2009年06月09日

『ボクサー』

ボクサージム・シェリダン監督にとって北アイルランド紛争は生涯における命題なんでしょう。『マイ・レフト・フット』『父の祈りを』に続き、3度目となるダニエル・デイ・ルイスとのコラボでも描かれているのはIRA、イギリス、アイルランド、そして北アイルランド紛争といった軽い気持ちでは決して見れないものばかり。でもだからこそ見終わった後に残る感動も凄く美しく感じるのだと思います。

イギリスでは古くから続いているというIRAによるテロ活動。その目的は北アイルランドをイギリスから奪還し、統一アイルランド国家を建設しようというナショナリズムだそうです。
我々日本人には遠い異国の難しいお話と思いがちですが、領土問題というのはどこの国でもあること。特に北方領土問題に関心を持っていない国民が多いこの日本とは違い、アイルランドなどの国々の領土問題というのは民族の悲願だったりするんですよね。それを考えるとこの映画が描こうとしていることは本当に崇高なことなんだと思います。

本来ならボクサーを主人公にした映画なら、『ロッキー』などのように全盛期を過ぎた主人公がボクシングだけに没頭して再起を図ればいいだけのはず。
でもこの映画の主人公ダニーはIRAのテロリストとして14年間も服役した後、出所してボクシングジムを開き、カトリックやプロテスタントなど宗教の違いをも気にせず誰にでもボクシングを教えるそんな人物。
もちろん元仲間のIRAの武闘派からは目をつけられるし、何かあればボクシングをすることさえできない事態に巻き込まれる危険性だってあります。

でも武装闘争に見切りをつけ、ヨーロッパでは大きな問題であるカトリックやプロテスタントの違いをも乗り越え、博愛精神の下で真摯にボクシングに向き合うダニーの姿を見ていると、復讐の連鎖では何も解決しないことを改めて思い知らされるんです。

北アイルランド紛争の歴史を紐解くと、どうやらイギリス側から仕掛けられたものらしいのですが、そうなるとアイルランド側にとって復讐よりも平和という路線を選択することは凄く厳しく辛いものだと思います。
だってそれは人間が持っている「怒」の感情の逆らうことでもありますし、ナショナリズムという考えにもそぐわないものですから。でもそれをこれまた人間が本来持っている「愛」の感情で塗り替えようとしているところが、何とも言えない凄く崇高なものを感じずにはいられませんでした。

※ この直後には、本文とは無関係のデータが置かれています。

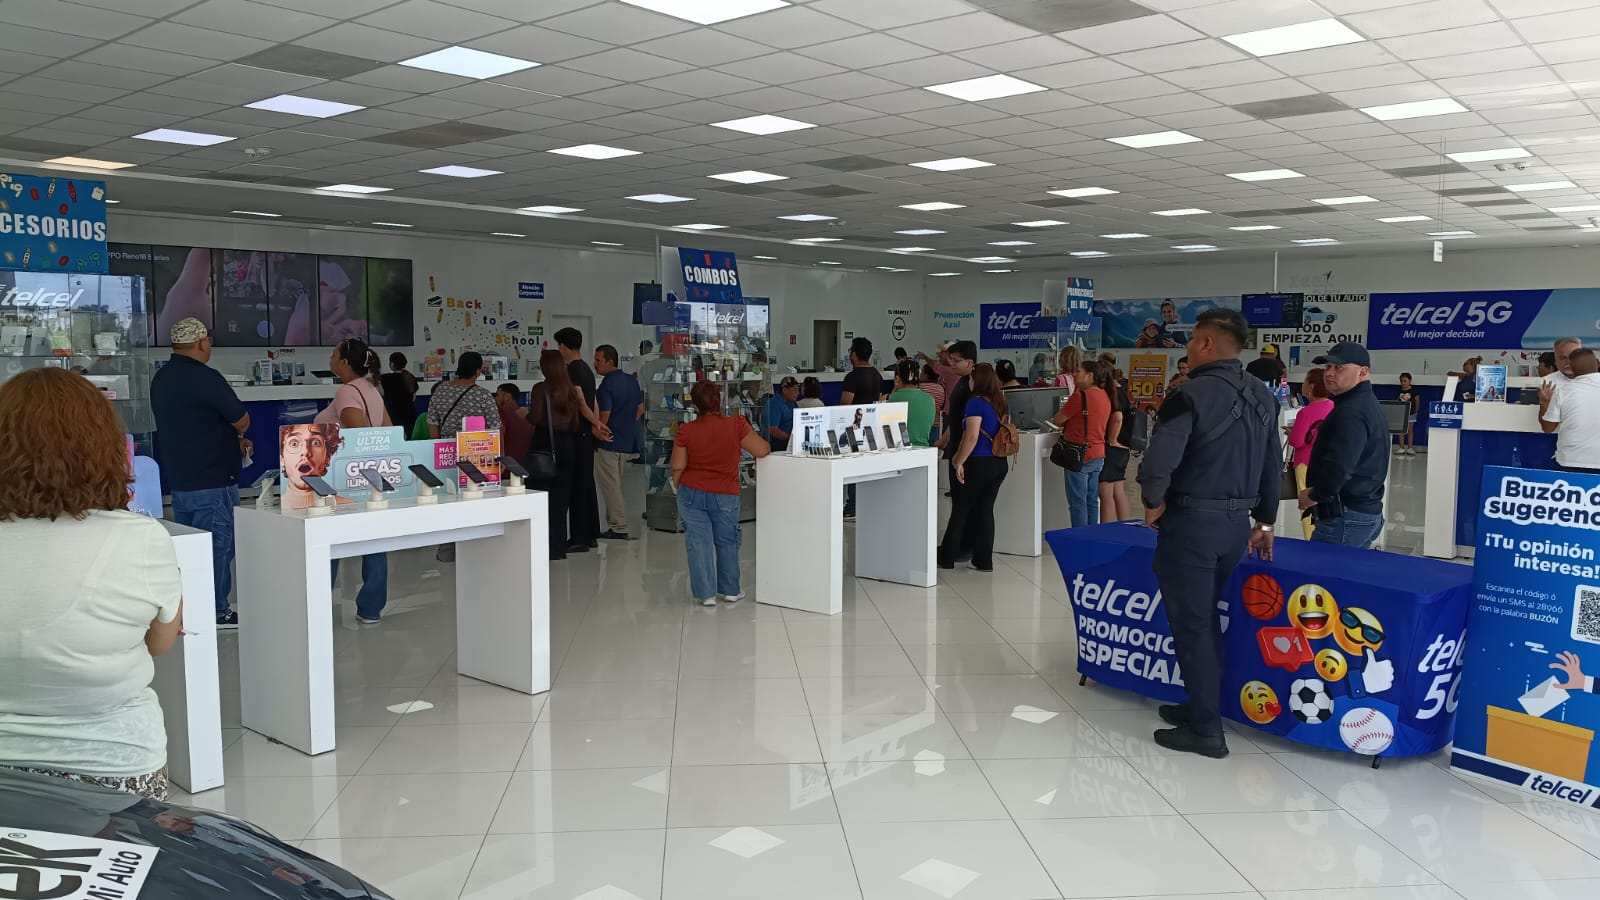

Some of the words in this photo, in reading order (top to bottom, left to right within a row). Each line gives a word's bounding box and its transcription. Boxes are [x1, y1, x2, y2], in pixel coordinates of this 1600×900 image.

[0, 212, 106, 242] CESORIOS
[684, 265, 738, 287] COMBOS
[1, 286, 85, 307] telcel
[447, 297, 481, 310] Back
[1343, 294, 1366, 302] AUTO
[483, 316, 496, 325] to
[714, 312, 744, 325] telcel
[934, 310, 975, 319] Promoción
[1380, 301, 1464, 325] telcel
[1464, 301, 1513, 327] 5G
[495, 333, 540, 345] School
[1012, 333, 1030, 342] mejor
[1263, 334, 1322, 344] EMPIEZA
[1403, 329, 1417, 338] Mi
[1418, 330, 1445, 340] mejor
[1446, 329, 1485, 338] decisión
[357, 436, 391, 446] ULTRA
[439, 445, 454, 454] MÁS
[1505, 480, 1581, 504] Buzón
[1489, 499, 1600, 526] sugerenc
[1485, 533, 1514, 550] ¡Tu
[1519, 540, 1595, 561] opinión
[1514, 553, 1600, 579] interesa!
[1073, 573, 1163, 622] telcel
[1485, 583, 1515, 595] Escanea
[1516, 587, 1523, 595] el
[1524, 589, 1549, 601] código
[1509, 597, 1526, 607] SMS
[1528, 600, 1534, 609] al
[1478, 604, 1492, 612] con
[1493, 605, 1500, 614] la
[1501, 608, 1528, 619] palabra
[1529, 613, 1559, 624] BUZÓN
[1530, 775, 1593, 804] telcel
[97, 850, 143, 886] Auto

ボクシングというのは相手との戦いというよりも、まず自分自身との戦いであるとよく言われますが、戦争に関しても相手との戦いよりもまず自分自身との戦いに勝利すれば平和は自然と訪れるのではないか。
若くない主人公2人の愛の話を絡めつつ、それでも未来を前途ある人たちに託そうとする幹部の最後の選択にもそんなことを感じました。